**Activity:**
Retype all of the data without changing a single word.

**Data for this task:**
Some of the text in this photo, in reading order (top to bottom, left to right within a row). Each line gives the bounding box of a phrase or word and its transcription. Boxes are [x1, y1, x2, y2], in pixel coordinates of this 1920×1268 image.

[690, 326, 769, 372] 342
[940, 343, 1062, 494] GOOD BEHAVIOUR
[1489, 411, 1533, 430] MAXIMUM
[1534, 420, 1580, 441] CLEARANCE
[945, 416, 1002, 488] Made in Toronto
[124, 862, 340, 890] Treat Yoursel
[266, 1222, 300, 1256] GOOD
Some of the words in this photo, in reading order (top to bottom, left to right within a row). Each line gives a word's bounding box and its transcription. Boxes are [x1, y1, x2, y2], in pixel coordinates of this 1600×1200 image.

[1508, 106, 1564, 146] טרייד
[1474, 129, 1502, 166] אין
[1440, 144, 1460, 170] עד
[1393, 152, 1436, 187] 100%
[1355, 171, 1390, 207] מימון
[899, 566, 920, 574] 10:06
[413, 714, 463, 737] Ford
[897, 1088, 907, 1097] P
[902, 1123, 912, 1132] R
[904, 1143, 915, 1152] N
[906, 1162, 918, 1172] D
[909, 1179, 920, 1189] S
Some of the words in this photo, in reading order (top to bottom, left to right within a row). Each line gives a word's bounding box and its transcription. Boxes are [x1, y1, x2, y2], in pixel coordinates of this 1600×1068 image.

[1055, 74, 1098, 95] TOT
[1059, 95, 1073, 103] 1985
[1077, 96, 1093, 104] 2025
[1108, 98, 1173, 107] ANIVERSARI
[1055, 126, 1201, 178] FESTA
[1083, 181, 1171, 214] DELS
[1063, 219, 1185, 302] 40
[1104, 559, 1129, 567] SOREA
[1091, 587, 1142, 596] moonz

**Solution to this task:**
Some of the text in this photo, in reading order (top to bottom, left to right within a row). Each line gives the bounding box of a phrase or word and its transcription. Boxes are [x1, y1, x2, y2], in pixel coordinates of this 1920×1268 image.

[690, 326, 769, 372] 342
[940, 343, 1062, 494] GOOD BEHAVIOUR
[1489, 411, 1533, 430] MAXIMUM
[1534, 420, 1580, 441] CLEARANCE
[945, 416, 1002, 488] Made in Toronto
[124, 862, 340, 890] Treat Yoursel
[266, 1222, 300, 1256] GOOD
Some of the words in this photo, in reading order (top to bottom, left to right within a row). Each line gives a word's bounding box and its transcription. Boxes are [x1, y1, x2, y2], in pixel coordinates of this 1600×1200 image.

[1508, 106, 1564, 146] טרייד
[1474, 129, 1502, 166] אין
[1440, 144, 1460, 170] עד
[1393, 152, 1436, 187] 100%
[1355, 171, 1390, 207] מימון
[899, 566, 920, 574] 10:06
[413, 714, 463, 737] Ford
[897, 1088, 907, 1097] P
[902, 1123, 912, 1132] R
[904, 1143, 915, 1152] N
[906, 1162, 918, 1172] D
[909, 1179, 920, 1189] S
Some of the words in this photo, in reading order (top to bottom, left to right within a row). Each line gives a word's bounding box and its transcription. Boxes are [x1, y1, x2, y2], in pixel coordinates of this 1600×1068 image.

[1055, 74, 1098, 95] TOT
[1059, 95, 1073, 103] 1985
[1077, 96, 1093, 104] 2025
[1108, 98, 1173, 107] ANIVERSARI
[1055, 126, 1201, 178] FESTA
[1083, 181, 1171, 214] DELS
[1063, 219, 1185, 302] 40
[1104, 559, 1129, 567] SOREA
[1091, 587, 1142, 596] moonz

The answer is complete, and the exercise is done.